Naomi Riley blogging (on a team of bloggers) for The Chronicle on Higher Education has criticized dissertations written by students in the Black Studies department. She argued in bold words that the ideas kicked around in Black Studies dissertations were vapid, hunting for racism in every tiny microcosm of America culture. Many Chronicle readers were outraged. Riley responded in part by writing:
I find the idea that there is something particularly heinous in criticizing graduate students or dissertations to be laughable at best. Just because they are still called students doesn’t mean they’re not grown-ups. When someone in their 30s (me) criticizes the dissertation topic of someone in their 20s, that’s “bullying“?
Feel free to entertain yourself by reading the posts and comments, but to cut to the chase, Alan Jacobs lays it all out. In short, he explains how hard it must be for the Chronicle to hire a blogger for the sake of diverse, atypical thinking, and then have to fire her for diverse, atypical thinking. Gotta hate it.
The best response I’ve read, to my money, is here. The argument Tressiemic makes is twofold. First, that the Chronicle is one of the most visible and thus powerful publishing venues in academia, and untenured, unemployed graduate students at the beginning of their careers are at the lowest levels of power, perhaps, of academia. The issue isn’t ‘criticizing’ graduate students, it’s using an enormous megaphone to mock their work. It’s just unprofessional.
Second, and this is the bigger point to my money, Naomi Riley didn’t address the arguments made in the dissertations. It’s not even clear that she read them (I can’t believe she took the time — it sounds like she read the abstracts). She made emotional arguments based on the subjects of the dissertation, which is poor argumentation and poor writing.
To be fair, it was a brief opinion piece, and there are plenty of venues where it would have been appropriate (if still mean), but the Chronicle is not one of them.
Help me out. Are you saying no argument could be made for the worthlessness of an academic department? What I understand from Riley’s post is that Black Studies dept. are ridiculous as seen in the theses of these dissertations. I suppose it would be along the same line some professors take against theses in support of Intelligent Design of the universe.

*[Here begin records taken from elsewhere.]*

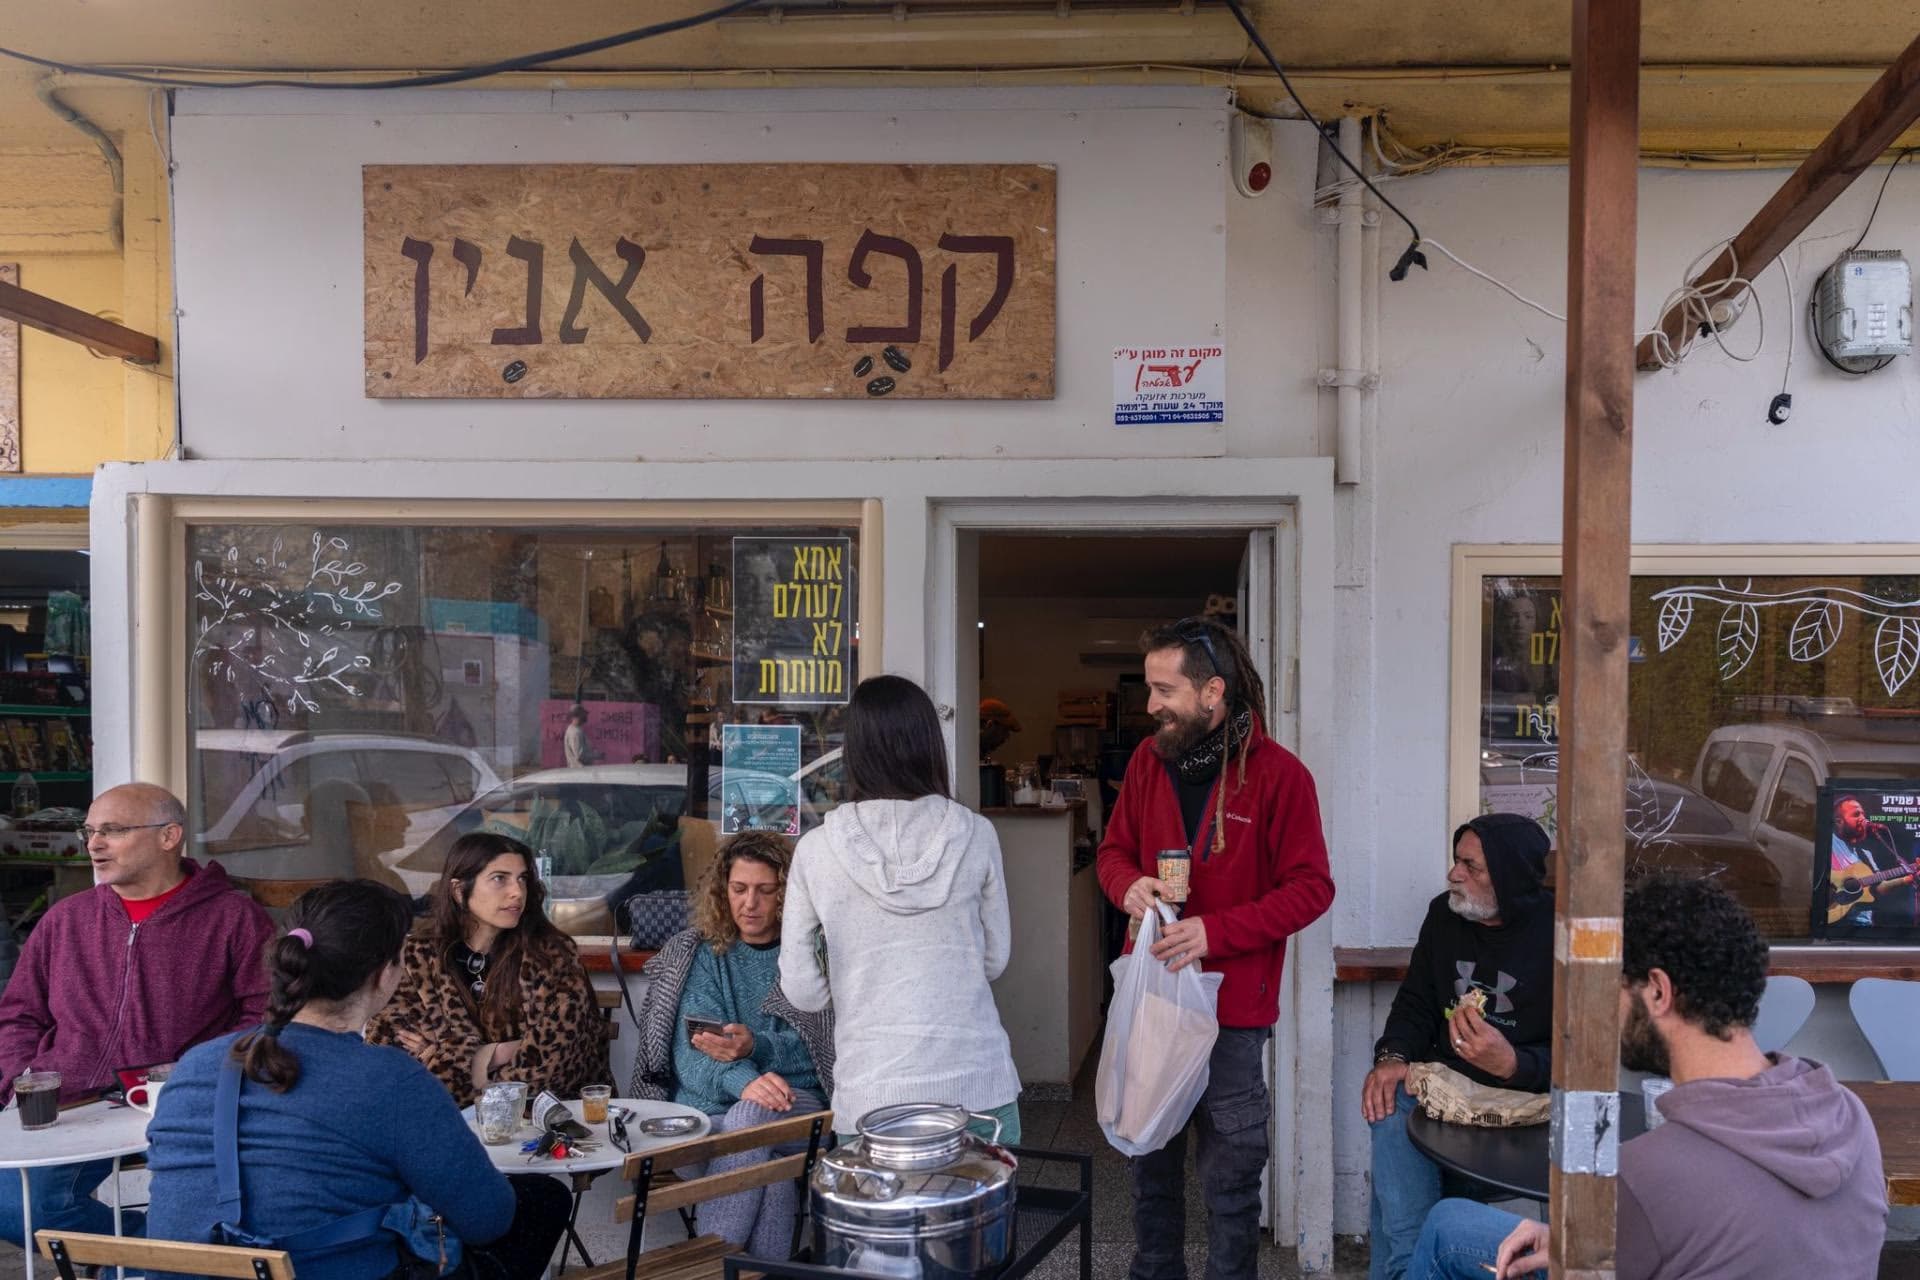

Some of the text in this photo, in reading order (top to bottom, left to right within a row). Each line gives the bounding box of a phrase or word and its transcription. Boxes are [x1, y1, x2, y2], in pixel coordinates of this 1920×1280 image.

[401, 229, 1015, 374] קפה אנין
[1142, 349, 1167, 361] מוגן
[1170, 349, 1185, 358] זה
[1189, 348, 1222, 360] מקום
[1116, 401, 1223, 411] מוקד 24 שעות ביממה
[1135, 392, 1206, 402] מערכות אזעקה
[793, 546, 843, 580] אמא
[773, 581, 843, 618] לעולם
[812, 620, 843, 656] לא
[759, 659, 843, 694] מוותרת
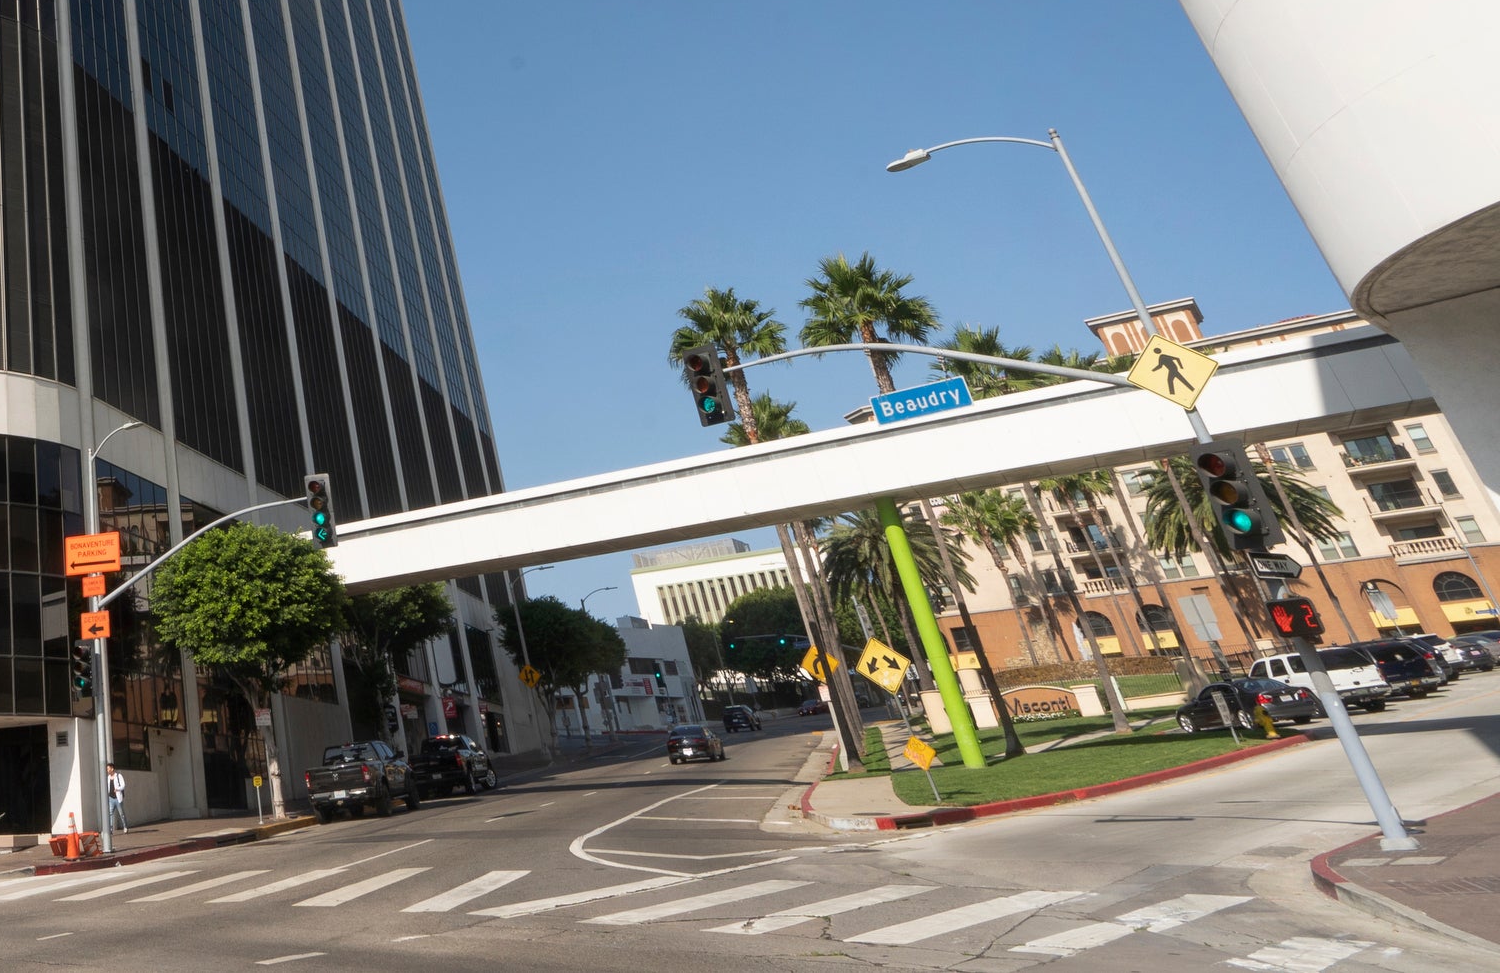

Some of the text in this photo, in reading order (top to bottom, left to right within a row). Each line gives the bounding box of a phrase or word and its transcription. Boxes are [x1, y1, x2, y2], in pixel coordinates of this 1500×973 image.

Is this post part of blog debate where these dissertations were hailed for strong thinking and Riley responds to say they are ridiculous?
Not at all — an argument can certainly be made about the value of the scholarship, but one needs to read it and engage with it to do so. It’s not clear from the piece Riley wrote whether she read the dissertations or not, but her piece certainly doesn’t engage with the scholarship these students have done, it takes pot shots at their topics.
To borrow an example, Riley writes:
Did she even bother to look up “natural birth literature?” It’s a big movement, and a major issue for birth care providers everywhere because the ‘home birth’ movement has been gaining significant sway in the public conversation about birth practice in the U.S. That community’s language about birth is totalizing, but circulates almost entirely among upper and middle class white women. So yes, anytime a community has significant sway in policy and conversation but includes almost no minority voices, it’s worth studying, for my money. But to Riley, who freely admits she doesn’t know the context in which the paper is being written, it’s stupid. This isn’t critical commentary, it’s proud ignorance parading as common sense.
To argue something is worthless, you need to assess it first.
To follow your analogy, anyone (professor or no) who responds to a claim of intelligent design with “That’s ridiculous!” as the entirely of the response is being equally vapid.
I’m still irritated that she was let go for this post, and that’s what Alan Jacobs comments on in the article to which I linked, but I agree with you here, and you picked the example I disliked the most. A dissertation on black midwifery makes total sense to me, and I’m surprised to hear that natural birth books, articles, etc. don’t already include minorities of all kinds. Maybe the minority women (which is a label that always sounds awkward to me) who choose natural childbirth simply are not writing about it. I’m tempted to ask a couple bloggers I know.
Perhaps Riley was being completely reactionary. I wonder how much gut-reaction of the same quality is passed over by us because we agree with it.
I agree with you that the firing may have been too steep — but it depends how she reacted to the criticism of her position. If she maintains she was right to do what she did and the editorial board thinks she was wrong, then asking her not to participate in the publication any more seems reasonable to me. That’s what editorial boards are for.
As for the second part — I would say it happens all the time. Part of the reason I read this blog is because it’s a rare place where I disagree almost completely on political issues, yet feel the authors welcome civil discussion and disagreement.
So thanks for that, by the way.
You’re welcome. You’re a great guy, and I’m glad we can interact like this.